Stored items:
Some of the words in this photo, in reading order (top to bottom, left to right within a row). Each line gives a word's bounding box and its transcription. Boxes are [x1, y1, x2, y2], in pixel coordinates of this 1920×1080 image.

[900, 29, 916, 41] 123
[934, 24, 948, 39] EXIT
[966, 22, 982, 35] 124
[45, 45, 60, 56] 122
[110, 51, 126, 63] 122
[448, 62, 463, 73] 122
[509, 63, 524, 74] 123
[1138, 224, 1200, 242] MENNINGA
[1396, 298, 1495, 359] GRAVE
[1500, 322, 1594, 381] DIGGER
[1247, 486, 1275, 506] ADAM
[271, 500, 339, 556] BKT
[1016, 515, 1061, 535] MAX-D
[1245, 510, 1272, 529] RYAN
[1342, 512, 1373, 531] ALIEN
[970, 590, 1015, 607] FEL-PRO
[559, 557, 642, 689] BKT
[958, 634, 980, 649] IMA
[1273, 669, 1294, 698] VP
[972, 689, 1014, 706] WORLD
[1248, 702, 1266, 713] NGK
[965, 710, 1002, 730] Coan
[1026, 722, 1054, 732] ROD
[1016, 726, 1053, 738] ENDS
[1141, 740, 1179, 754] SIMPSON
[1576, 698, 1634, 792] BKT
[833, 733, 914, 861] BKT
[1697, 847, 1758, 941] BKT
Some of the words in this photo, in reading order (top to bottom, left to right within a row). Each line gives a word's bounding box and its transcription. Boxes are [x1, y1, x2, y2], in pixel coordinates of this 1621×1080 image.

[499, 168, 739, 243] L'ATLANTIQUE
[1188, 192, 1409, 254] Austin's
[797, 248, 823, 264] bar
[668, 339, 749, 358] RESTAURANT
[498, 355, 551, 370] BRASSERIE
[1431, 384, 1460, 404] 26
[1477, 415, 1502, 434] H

WHAT THIS TASK INVOLVES
Please transcribe exactly the line containing "this 1621×1080 image." and every line after it to the end of the data, and no other lines.

ANSWER SECTION
Some of the words in this photo, in reading order (top to bottom, left to right within a row). Each line gives a word's bounding box and its transcription. Boxes are [x1, y1, x2, y2], in pixel coordinates of this 1621×1080 image.

[499, 168, 739, 243] L'ATLANTIQUE
[1188, 192, 1409, 254] Austin's
[797, 248, 823, 264] bar
[668, 339, 749, 358] RESTAURANT
[498, 355, 551, 370] BRASSERIE
[1431, 384, 1460, 404] 26
[1477, 415, 1502, 434] H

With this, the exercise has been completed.